Welcome back to the Creative Life Adventure.
Several years ago I wrote a short novel that got filed away and largely ignored. It was about a group of friends living in a place where they didn’t really fit in and their attempts to achieve greater satisfaction in life. In recent months I’ve decided to revisit that work. I’m revising it with a tentative plan to self-publish. I’ve put a lot of effort into the manuscript, and while it’s certainly not great, I feel it’s a fairly entertaining read. Even if I go the self-publishing route, it’s very possible no will ever really read it. That can get discouraging at times.
Then I read Ian Brown‘s Sixty: A Diary of My Sixty-First Year. Brown, a journalist based in Canada, started keeping a journal of his thoughts, observations, and experiences on his 60th birthday. The book has its disheartening moments – as he educates himself, and the reader, on the effects of aging on the mind and body – but at other times the book is laugh-out-loud funny. In trying to let go of fear and doubt in order to better focus his time on what really matters, Brown writes:
The sea insists a life is not much, a passing speck in time. But it also says, because a life is just a passing speck in time next to the sea, a life should try whatever it is it wants to try. Because it doesn’t matter, because a life is at one level just some particle that washes in and washes away, so you should give it a go anyway.
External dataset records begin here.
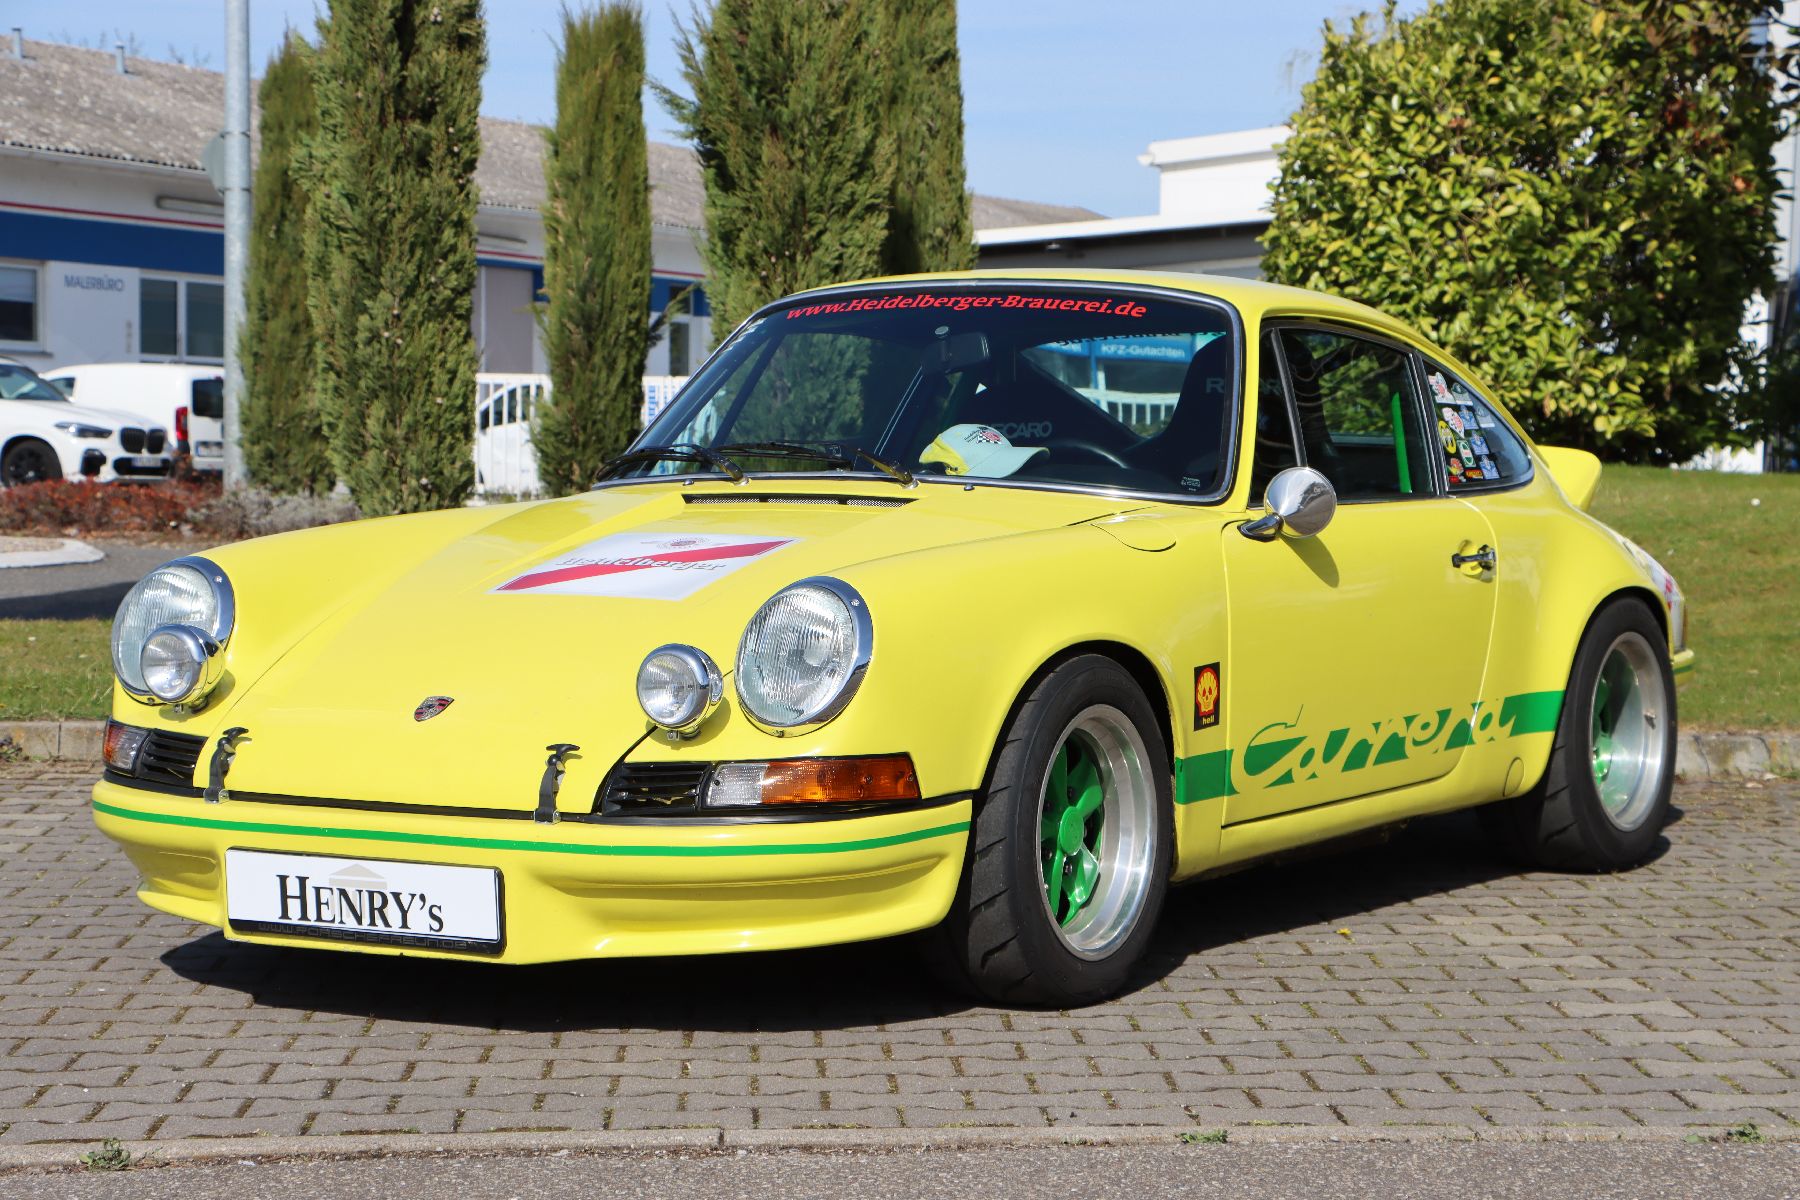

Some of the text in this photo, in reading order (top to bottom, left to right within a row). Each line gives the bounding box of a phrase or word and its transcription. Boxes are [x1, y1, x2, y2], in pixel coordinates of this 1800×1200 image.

[64, 274, 125, 292] MALERBÜRO
[787, 294, 1148, 319] www.Heidelberger-Brauerei.de
[1101, 343, 1186, 358] KFZ-Gutachten
[556, 556, 728, 572] Heidelberger
[1202, 715, 1215, 726] hell
[1231, 700, 1515, 794] Carrera
You might as well write whatever you want to write. You might as well try.
You might as well try. It’s easy to become frustrated and question the value of your creative efforts. I prefer to take a different approach: Is there any reason you shouldn’t pursue creative ventures if that’s where your heart takes you? Even if you don’t find a large audience, why not try if that’s what you feel compelled to do? Ultimately, it’s your life and your time, and regrets now will be yours to confront in later years.
This subject reminds me of a friend from my time in California in the 1990s. She was an aspiring musician but struggling somewhat professionally. She wrote a collection of songs. That was impressive enough – she wrote the music and lyrics. Then she obtained grant money to help finance recording a CD. I was privileged to observe a small part of the process of recruiting musicians and working in an Oakland recording studio. In the end, she didn’t sell many CDs. I still found the whole thing remarkable. From concept to a professional recording that was listed on Amazon and that I still have in my music collection. I’m sure I’m not the only person still enjoying that music some twenty years later.
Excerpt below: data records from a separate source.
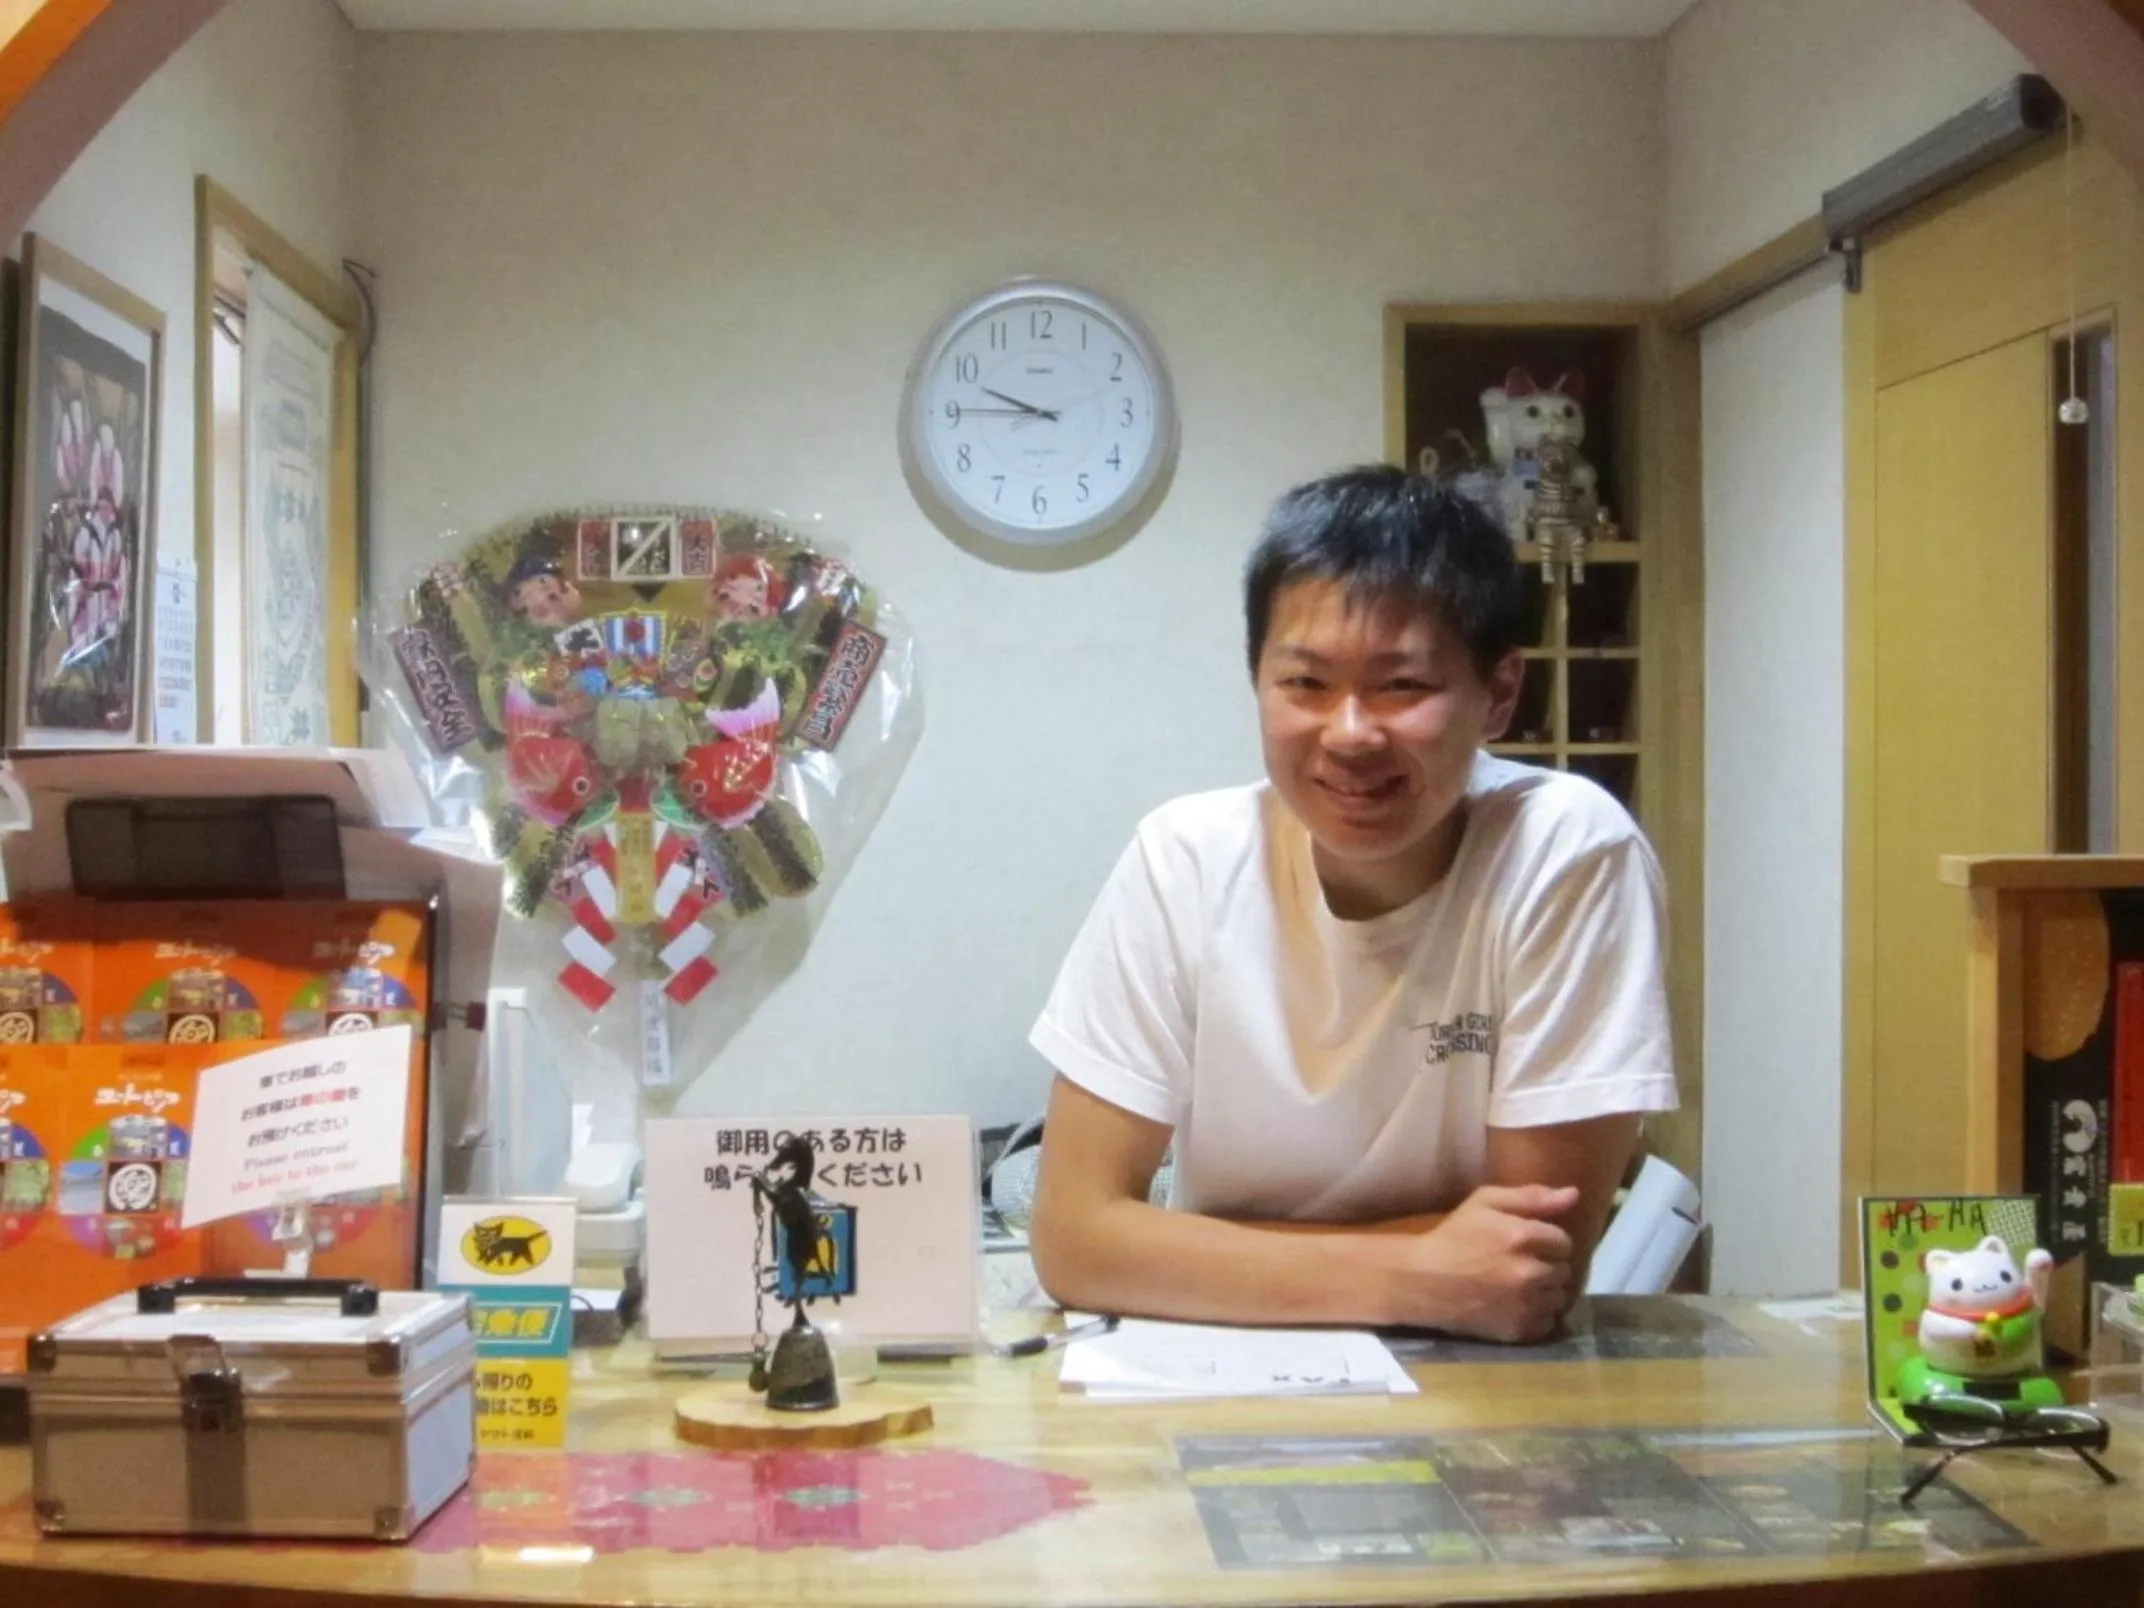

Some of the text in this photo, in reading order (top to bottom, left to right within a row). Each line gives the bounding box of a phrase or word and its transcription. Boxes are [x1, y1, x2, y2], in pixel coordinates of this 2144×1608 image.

[990, 322, 1007, 350] 11
[1030, 310, 1053, 340] 12
[955, 353, 979, 384] 10
[1109, 352, 1123, 382] 2
[945, 400, 961, 429] 9
[1119, 397, 1134, 428] 3
[956, 443, 972, 472] 8
[1105, 443, 1121, 472] 4
[990, 474, 1005, 503] 7
[1031, 485, 1047, 515] 6
[1077, 473, 1090, 502] 5
[703, 1162, 923, 1190] 鳴らください
Brown himself, later in Sixty, offers a tip on staying focused. It’s aimed at the aging but I feel it can be helpful to anyone:
This is why many writers stop writing as they get older, because as you get older, you skip over detail. It’s almost self-imposed, this forgetting. I feel myself slowing down, and in a panic of thinking I have to cover more ground, I start speeding up, zooming past stuff. Whereas – this is important – the trick is actually to slow down more, to stop moving as fast, and pay attention more, and remember what it is you see, regardless of whether it is what you are supposed to see, or what you think you are supposed to be remembering.
Slow down and focus on the details of the world around you. What you observe will not only inspire your creativity, but become part of it. I’ll complete my novel and self-publish it, even if it doesn’t sell a single copy (in fairness, I’ll buy at least one!). I’ll get some satisfaction from completing the project. We all have a similar choice to make: Give time and energy to completing our creative works, knowing we may never change the world, or give up and live with the regret of having never tried. I don’t want to live with that regret. Do you?